What is expected:
Nothing in the entries may change when they are transcribed.
■ ■ ■
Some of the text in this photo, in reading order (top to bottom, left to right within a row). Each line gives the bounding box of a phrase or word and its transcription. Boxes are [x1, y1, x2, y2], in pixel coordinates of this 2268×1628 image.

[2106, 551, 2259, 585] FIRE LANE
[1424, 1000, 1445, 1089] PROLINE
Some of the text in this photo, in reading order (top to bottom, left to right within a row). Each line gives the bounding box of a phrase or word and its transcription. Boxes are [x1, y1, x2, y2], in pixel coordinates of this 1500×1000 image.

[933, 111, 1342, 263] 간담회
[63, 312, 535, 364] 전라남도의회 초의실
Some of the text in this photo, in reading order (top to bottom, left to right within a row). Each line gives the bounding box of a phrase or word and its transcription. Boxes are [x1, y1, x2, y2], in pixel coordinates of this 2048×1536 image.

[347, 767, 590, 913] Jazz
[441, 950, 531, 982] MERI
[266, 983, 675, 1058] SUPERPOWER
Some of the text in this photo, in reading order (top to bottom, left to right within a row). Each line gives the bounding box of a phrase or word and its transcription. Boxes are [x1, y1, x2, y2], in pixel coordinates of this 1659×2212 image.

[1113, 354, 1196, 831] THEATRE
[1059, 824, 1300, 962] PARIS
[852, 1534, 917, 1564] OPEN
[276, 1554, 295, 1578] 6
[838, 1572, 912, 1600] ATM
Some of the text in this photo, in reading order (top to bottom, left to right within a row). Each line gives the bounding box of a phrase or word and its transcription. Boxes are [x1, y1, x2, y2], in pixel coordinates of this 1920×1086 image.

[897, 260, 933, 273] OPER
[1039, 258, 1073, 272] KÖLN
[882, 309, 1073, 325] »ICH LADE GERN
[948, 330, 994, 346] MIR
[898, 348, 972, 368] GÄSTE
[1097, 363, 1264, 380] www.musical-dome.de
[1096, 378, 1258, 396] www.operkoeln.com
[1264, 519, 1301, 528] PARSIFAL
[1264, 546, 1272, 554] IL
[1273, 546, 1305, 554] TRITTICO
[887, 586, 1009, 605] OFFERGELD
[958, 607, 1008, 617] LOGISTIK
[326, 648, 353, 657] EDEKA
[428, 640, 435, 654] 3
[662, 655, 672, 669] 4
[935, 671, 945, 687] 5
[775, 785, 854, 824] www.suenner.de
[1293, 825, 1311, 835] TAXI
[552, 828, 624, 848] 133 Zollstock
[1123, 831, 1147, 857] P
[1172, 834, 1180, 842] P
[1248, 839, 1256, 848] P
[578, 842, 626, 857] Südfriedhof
■ ■ ■
Result of the task:
Some of the text in this photo, in reading order (top to bottom, left to right within a row). Each line gives the bounding box of a phrase or word and its transcription. Boxes are [x1, y1, x2, y2], in pixel coordinates of this 2268×1628 image.

[2106, 551, 2259, 585] FIRE LANE
[1424, 1000, 1445, 1089] PROLINE
Some of the text in this photo, in reading order (top to bottom, left to right within a row). Each line gives the bounding box of a phrase or word and its transcription. Boxes are [x1, y1, x2, y2], in pixel coordinates of this 1500×1000 image.

[933, 111, 1342, 263] 간담회
[63, 312, 535, 364] 전라남도의회 초의실
Some of the text in this photo, in reading order (top to bottom, left to right within a row). Each line gives the bounding box of a phrase or word and its transcription. Boxes are [x1, y1, x2, y2], in pixel coordinates of this 2048×1536 image.

[347, 767, 590, 913] Jazz
[441, 950, 531, 982] MERI
[266, 983, 675, 1058] SUPERPOWER
Some of the text in this photo, in reading order (top to bottom, left to right within a row). Each line gives the bounding box of a phrase or word and its transcription. Boxes are [x1, y1, x2, y2], in pixel coordinates of this 1659×2212 image.

[1113, 354, 1196, 831] THEATRE
[1059, 824, 1300, 962] PARIS
[852, 1534, 917, 1564] OPEN
[276, 1554, 295, 1578] 6
[838, 1572, 912, 1600] ATM
Some of the text in this photo, in reading order (top to bottom, left to right within a row). Each line gives the bounding box of a phrase or word and its transcription. Boxes are [x1, y1, x2, y2], in pixel coordinates of this 1920×1086 image.

[897, 260, 933, 273] OPER
[1039, 258, 1073, 272] KÖLN
[882, 309, 1073, 325] »ICH LADE GERN
[948, 330, 994, 346] MIR
[898, 348, 972, 368] GÄSTE
[1097, 363, 1264, 380] www.musical-dome.de
[1096, 378, 1258, 396] www.operkoeln.com
[1264, 519, 1301, 528] PARSIFAL
[1264, 546, 1272, 554] IL
[1273, 546, 1305, 554] TRITTICO
[887, 586, 1009, 605] OFFERGELD
[958, 607, 1008, 617] LOGISTIK
[326, 648, 353, 657] EDEKA
[428, 640, 435, 654] 3
[662, 655, 672, 669] 4
[935, 671, 945, 687] 5
[775, 785, 854, 824] www.suenner.de
[1293, 825, 1311, 835] TAXI
[552, 828, 624, 848] 133 Zollstock
[1123, 831, 1147, 857] P
[1172, 834, 1180, 842] P
[1248, 839, 1256, 848] P
[578, 842, 626, 857] Südfriedhof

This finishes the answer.